Gerade in Krisensituationen wie einer Pandemie. So äusserte sich der
Wissenschaftsjournalist David Quammen neulich in der New York Times (28.1.2020):
„Wir dringen in tropische Wälder und andere wilde Landschaften ein, die so
viele Pflanzen- und Tierarten beherbergen – und in ihnen so viele unbekannte
Viren. Wir fällen Bäume, töten die Tiere oder sperren sie ein und schicken sie
auf den Markt. Wir zerstören Ökosysteme und wir schütteln Viren von natürlichen
Wirten. Wenn das geschieht, brauchen sie einen neuen Wirt. Oft ist das der
Mensch.“
Dem
ist als deskriptivem Befund nichts entgegenzuhalten. Hingegen vernimmt man unterschwellig
noch eine andere Botschaft: Unberührte Ökosysteme sind „von Natur“ aus „gut“ ,
sie sind im Gleichgewicht, harmonisch und selbstregulierend. Probleme entstehen
genau dann, wenn der „schlechte“ Mensch eindringt. Dann schlägt die Natur zurück und zahlt es ihm
heim für seine Ausbeuterei, seinen Mobilitäts- und Expansionsdrang, seinen Globalisierungswahn.
Das
sind vertraute Töne aus Kreisen der „Deep Ecology“. Aber das Virus scheint nun
auch Kritiker einer „Vermutterung“ der Erde umgestimmt zu haben, wie etwa
Slavoj Žizek: „Wenn die Natur uns mit Viren attackiert, sendet sie
gewissermassen unsere Botschaft an sie zurück. Sie lautet: Was du mir antust,
tue ich nun dir an.“
***
Kurz: Hier bringt man den normativen, zivilisationskritischen
Begriff der Natur oder Natürlichkeit in Stellung.
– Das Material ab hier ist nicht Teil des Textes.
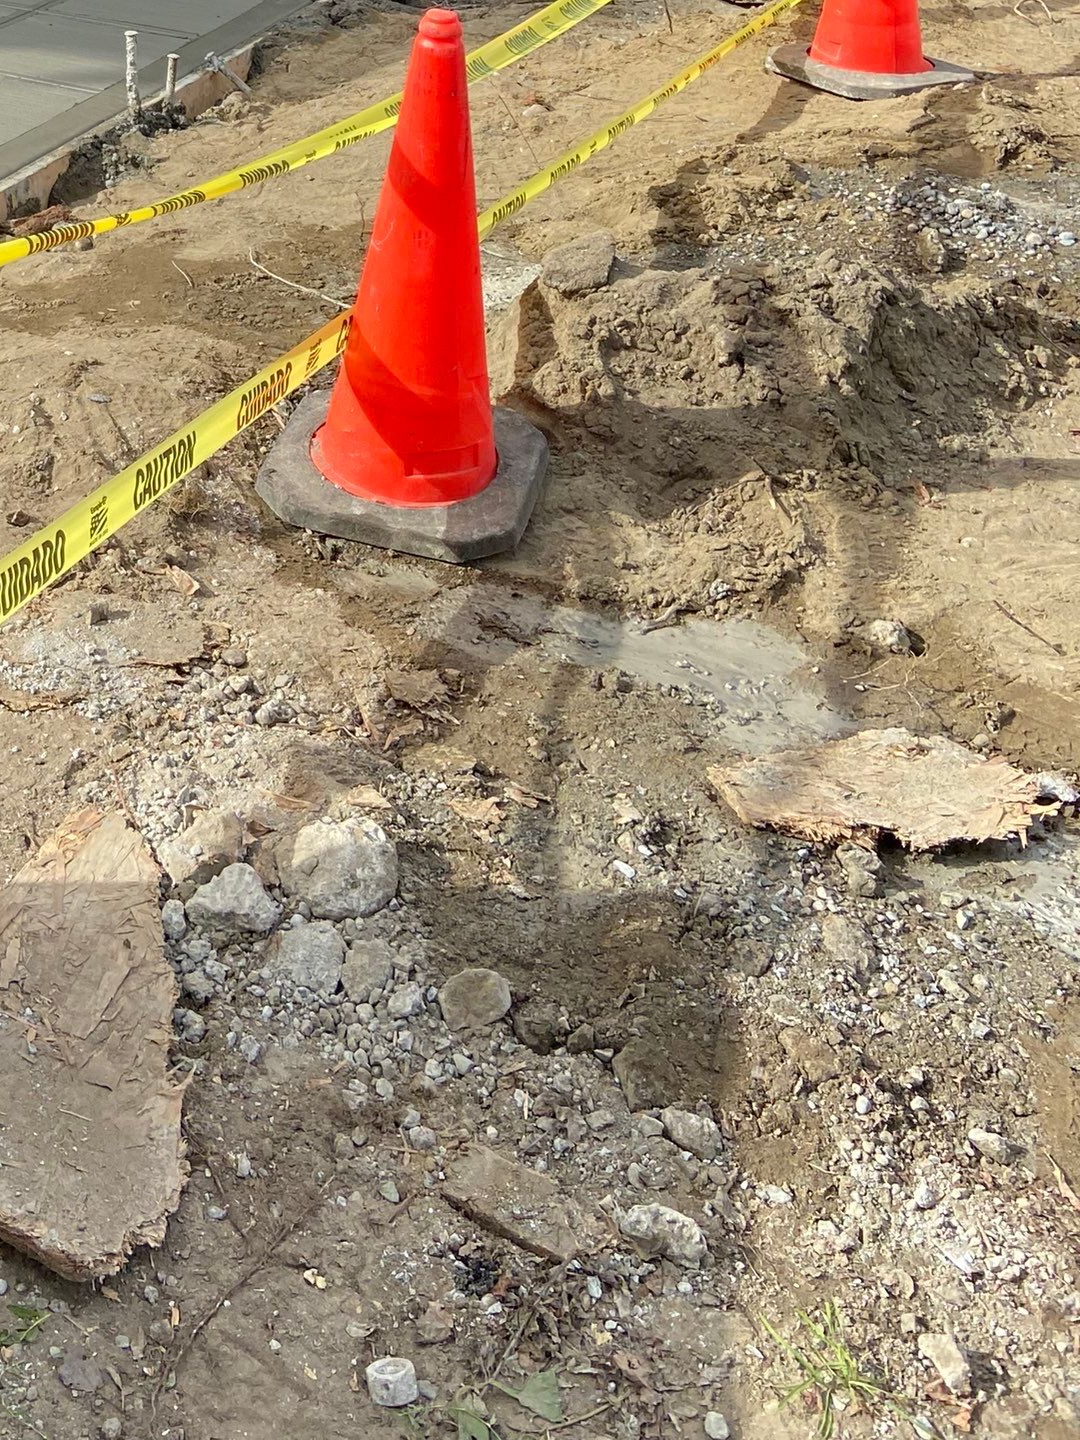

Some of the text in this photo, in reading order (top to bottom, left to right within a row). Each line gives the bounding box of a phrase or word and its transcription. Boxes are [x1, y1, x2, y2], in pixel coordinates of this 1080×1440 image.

Man fingiert, wie seinerzeit
Rousseau, einen „unverdorbenen“ Urzustand, den man als Massstab ökologischer
Sittlichkeit allen nachfolgenden „unnatürlichen“ Zuständen anlegt. Typisch etwa
die Äusserung des Krankheitsökologen Kevin Olival von EcoHealth Alliance über
Wildtiermärkte in China: „Wenn man Tiere in diesen unnatürlichen Situationen zusammenbringt,
riskiert man das Auftauchen menschlicher Krankheiten.“
Gewiss, auf chinesischen Märkten – wie auf auf anderen
Märkten auch – mögen „unnatürliche“ Missstände herrschen, aber der ganze
Natürlichkeitsdiskurs manifestiert sozusagen einen konzeptuellen Missstand. Natürlichkeit
ist eine leere und deshalb umso mächtigere Chiffre, die wir nach unserem
Belieben und Gutdünken lesen und verwenden können. Mit der Behauptung, etwas
sei natürlich oder unnatürlich, gibt man Erklärungs-Forfait. Und indem man über
Krankheit als Resultat „unnatürlicher“ Aktivitäten oder Situationen spricht,
erleichtert man die Projektion von ideologischen Ursachen. Selbstverständlich kann
und soll man zum Beispiel „wet markets“ kritisieren, wenn die Forschung sie als
gefährliche Virenherde nachweist; dies aber nicht im Zeichen ihrer
„Unnatürlichkeit“. Impfen ist, wenn man so will, unnatürlich, aber nur wenige
Menschen lehnen die prophylaktische Massnahme deswegen ab. Impfgegner weigern
sich aus anderen Gründen, etwa weil sie glauben, Impfen sei mit weiteren
Krankheiten verknüpft.
***
Im Kern der Problematik steckt die Vermischung von Kausalität
und Moral. Das heisst, leicht verkehrt sich die Frage „Was ist die Ursache?“ in
die Frage „Wer ist schuld?“ So klingt denn auch der Titel des oben zitierten
Artikels von Quammen „Wir schufen die Coronavirus-Epidemie“.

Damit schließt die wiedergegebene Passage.